12-17-2012 09:29 AM - edited 03-11-2019 05:38 PM
Hi I need help with doing a port forward for remote desktop with asa5505 9.1.1 and asdm 7.1.1 i could have done this with the previous versions of asdm but now it even more confusing
05-24-2013 05:03 AM
Hi,
The format for configuring Static PAT is pretty simple
You configure an "object network", for example
object network SERVER-RDP
host x.x.x.x
nat (lan,wan) static interface service tcp 3389 3389
The above "lan" and "wan" are interface names. If your interfaces are named different like they seem to be looking at the log message then you naturally use those.

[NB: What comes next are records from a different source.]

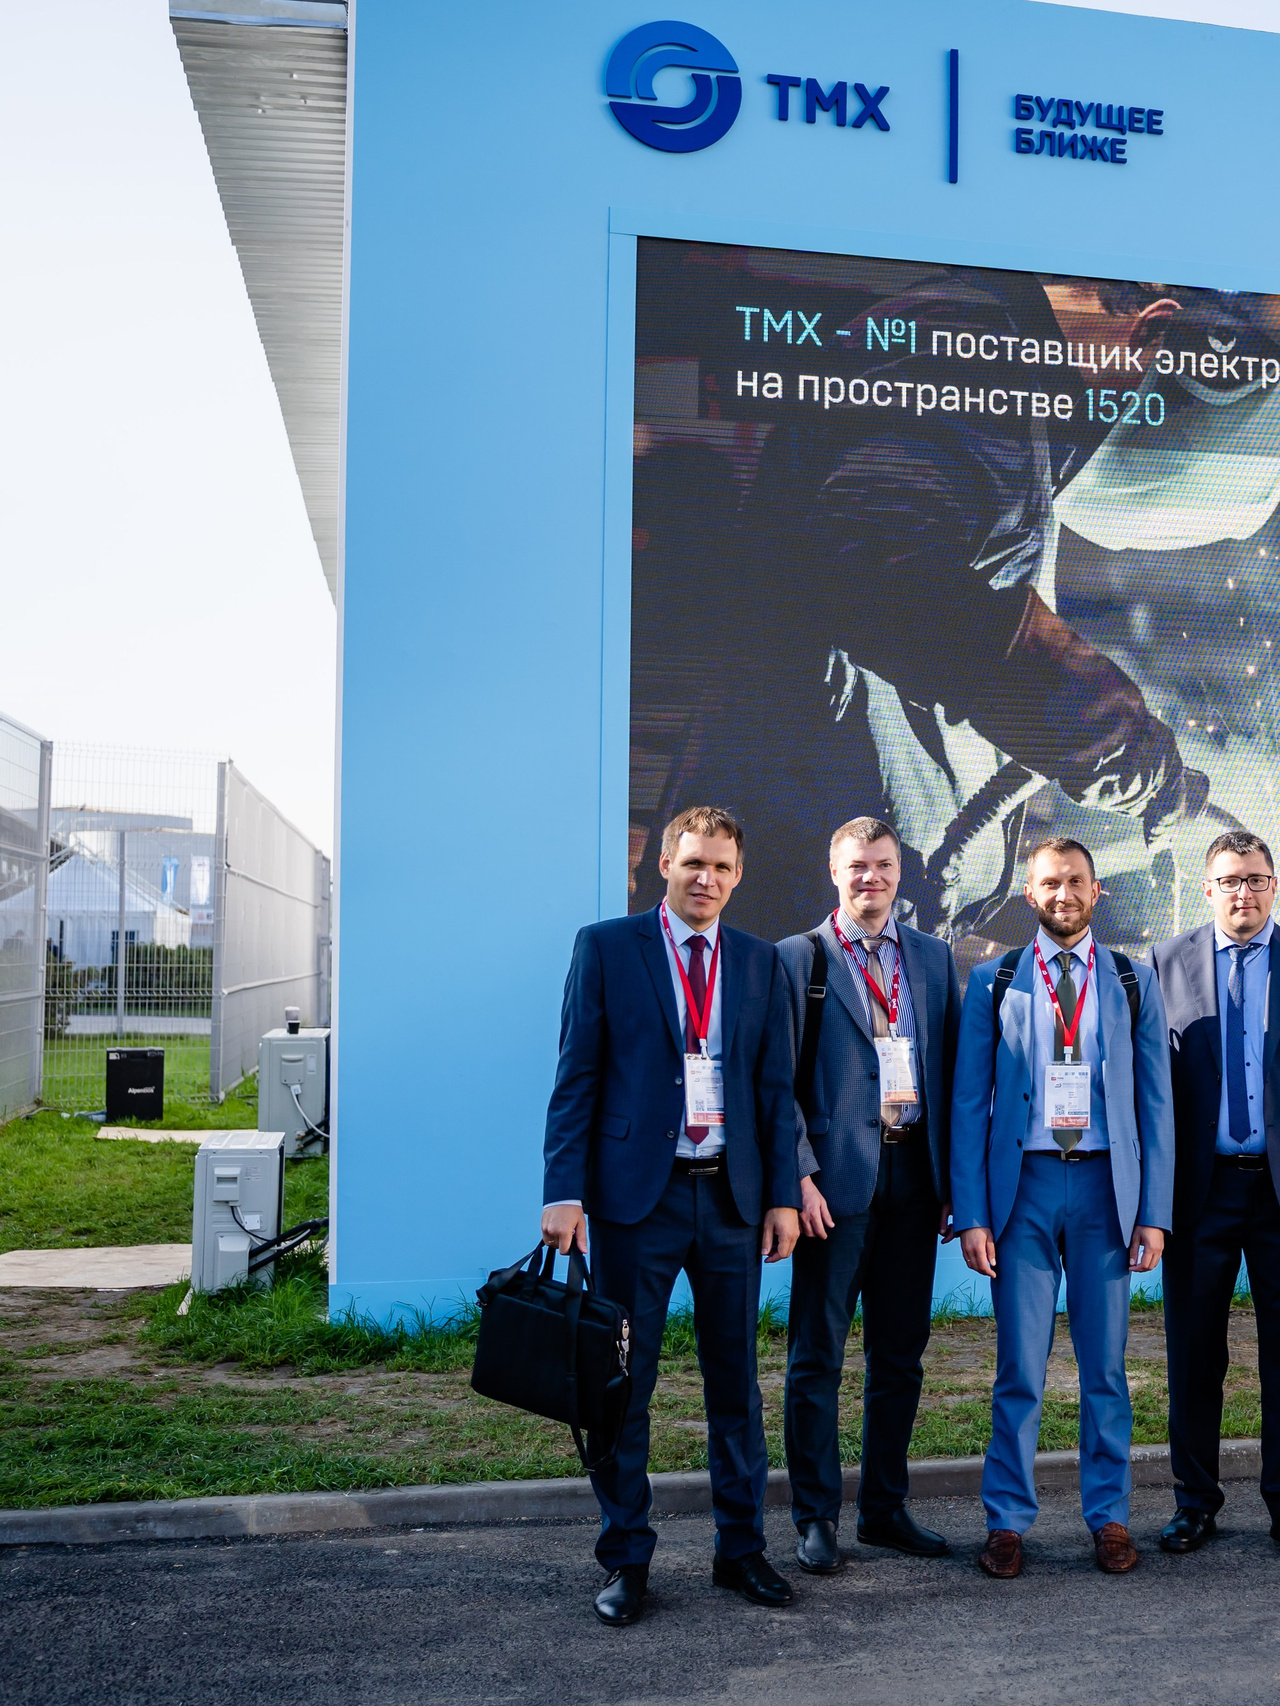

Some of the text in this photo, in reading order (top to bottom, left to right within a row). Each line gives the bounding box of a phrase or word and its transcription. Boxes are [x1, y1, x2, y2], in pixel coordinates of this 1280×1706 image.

[1014, 93, 1164, 135] БУДУЩЕЕ
[1015, 127, 1128, 164] БЛИЖЕ
[865, 316, 917, 355] №1
[931, 329, 1144, 375] поставщик
[736, 370, 1166, 427] на пространстве 1520
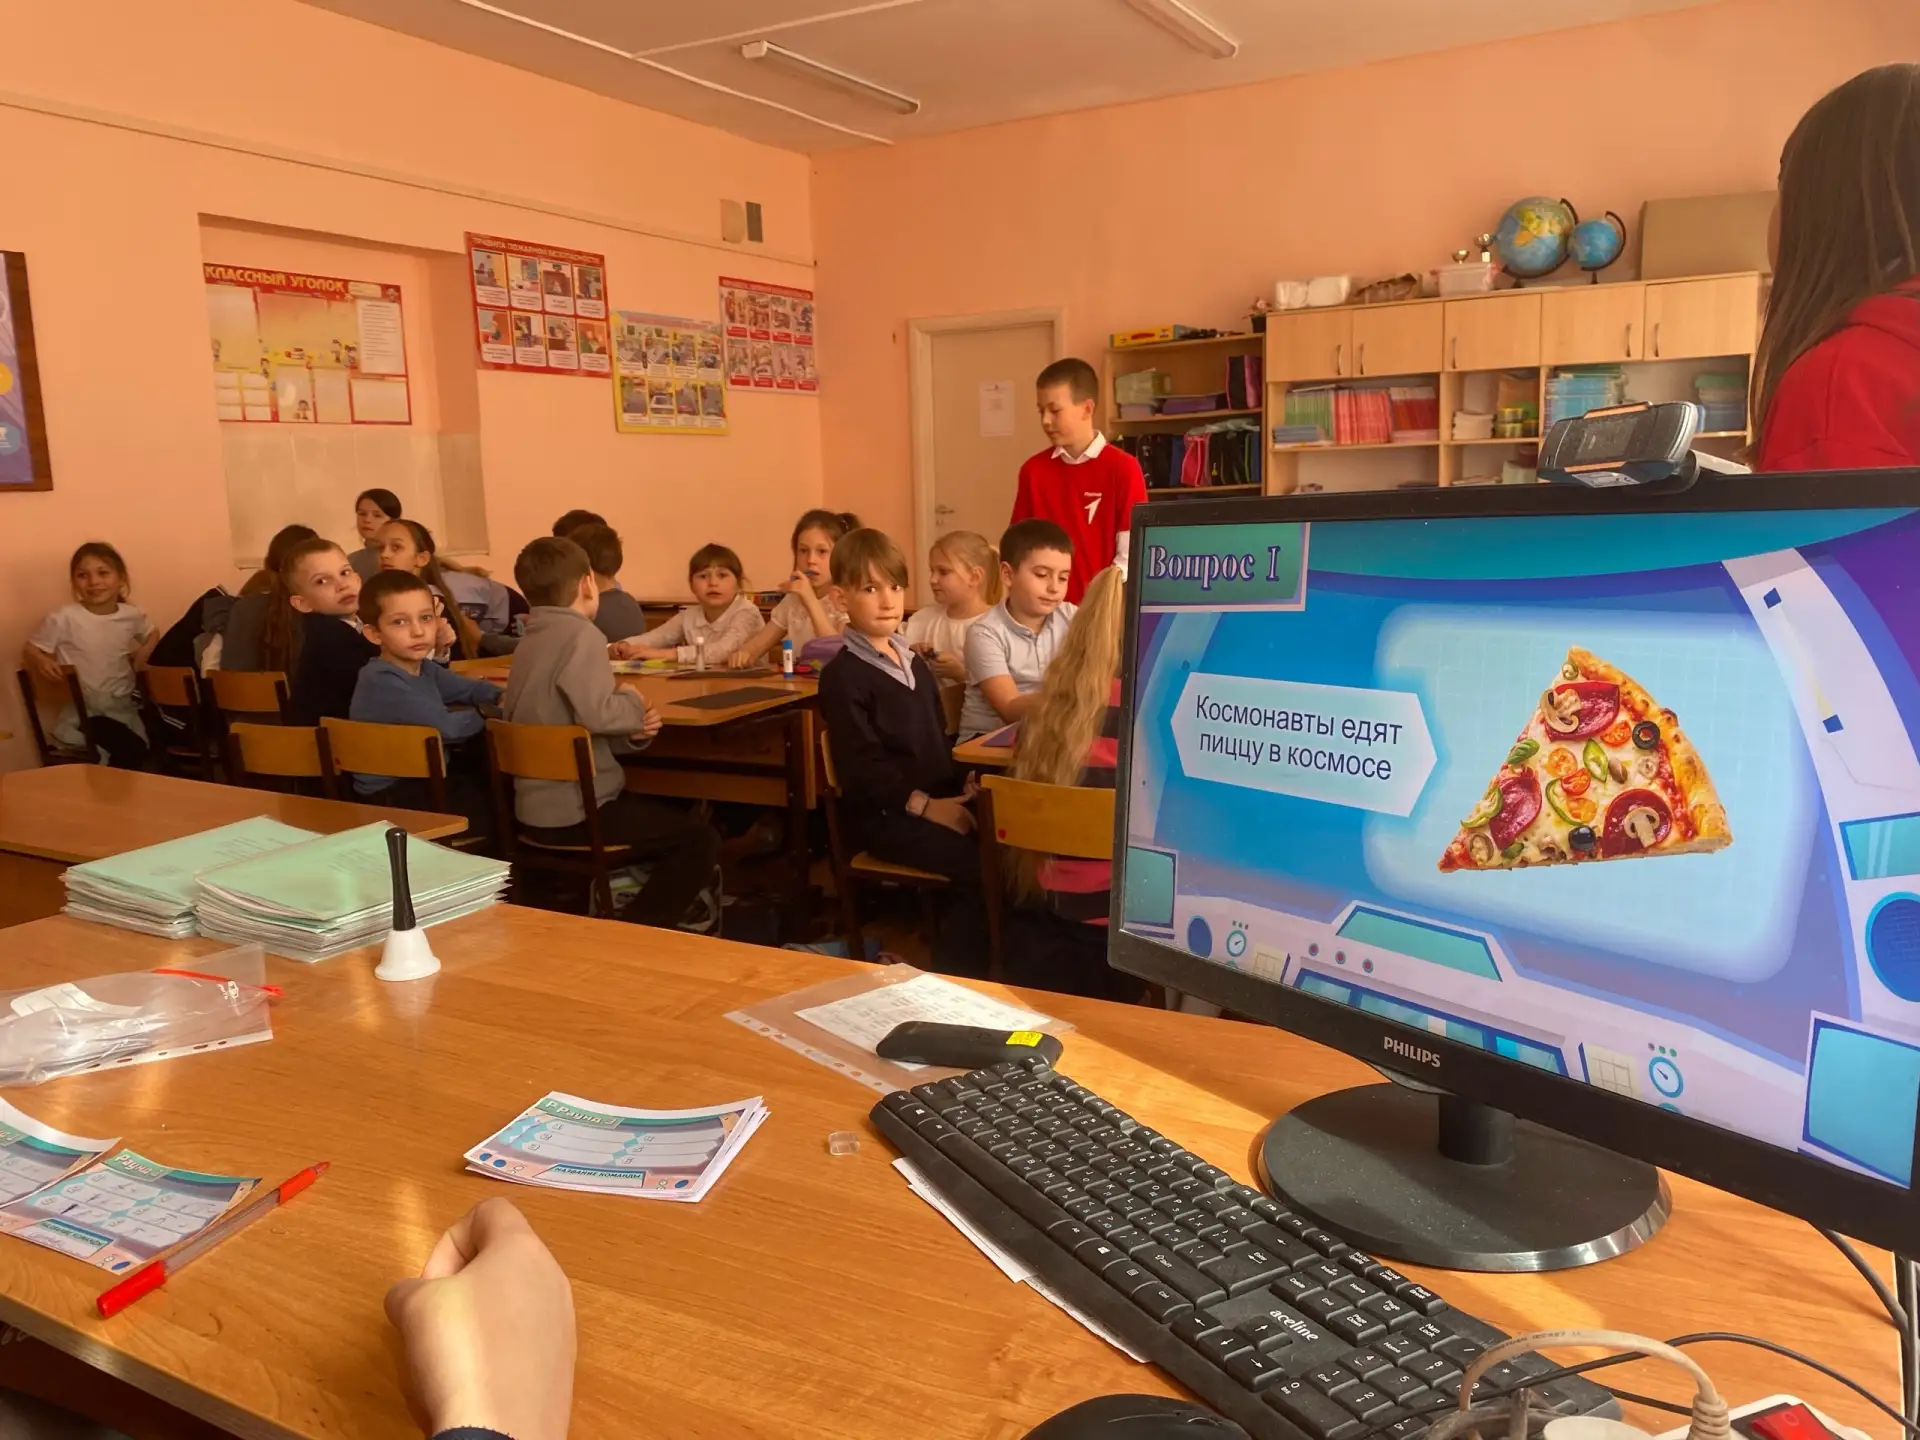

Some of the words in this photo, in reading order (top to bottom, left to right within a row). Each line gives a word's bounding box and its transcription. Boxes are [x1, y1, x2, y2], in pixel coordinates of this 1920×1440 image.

[204, 265, 286, 286] КЛАССНЫЙ
[290, 275, 346, 293] УГОЛОК
[1147, 545, 1255, 590] Вопрос
[1196, 694, 1335, 736] Космонавты
[1341, 718, 1402, 745] едят
[1199, 732, 1264, 765] пиццу
[1269, 743, 1281, 762] в
[1287, 746, 1392, 780] космосе
[1383, 1036, 1440, 1068] PHILIPS
[554, 1167, 597, 1178] НАЗВАНИЕ
[598, 1171, 641, 1180] КОМАНДЫ
[1269, 1310, 1319, 1341] aceline

The x.x.x.x means the local ip address configured on the actual host on your LAN network. Its not the public IP address.
- Jouni
05-24-2013 05:11 AM
I still did.
But when asked to external ip address in the logs an error
Teardown TCP connection 6306058 for disbacak:83.220.236.74/29128 to icbacak:10.2.150.5/3389 duration 0:00:30 bytes 0 SYN Timeout
What had I done?
05-24-2013 05:13 AM
Hi,
Seems to me that there is some translation already for IP address 10.2.150.5 local IP address and the connection that is taken through the firewall is allowed.
The actual target machine doesnt respond to the connection attempt.
This doesnt seem to be a problem with the firewall. It seems to be a problem with the PC you are trying to connect to.
- Jouni
05-24-2013 05:18 AM
If connected to the LAN by 10.2.150.5 RDP, the connection is established.
When you connect the external IP an error.
05-24-2013 05:22 AM
Hi,
Its impossible for me to tell you the reason with this information.
I would suggest checking that the actual host is not blocking the connection from the Internet.
It could be some Windows related setting or software firewall or perhaps there is problem with the default gateway configuration of the host (though I would doubt it since it couldnt access Internet through the ASA if this was the case)
- Jouni
05-24-2013 06:07 AM
The problem is solved.
The fact was that, as is the gateway ip address of the proxy server.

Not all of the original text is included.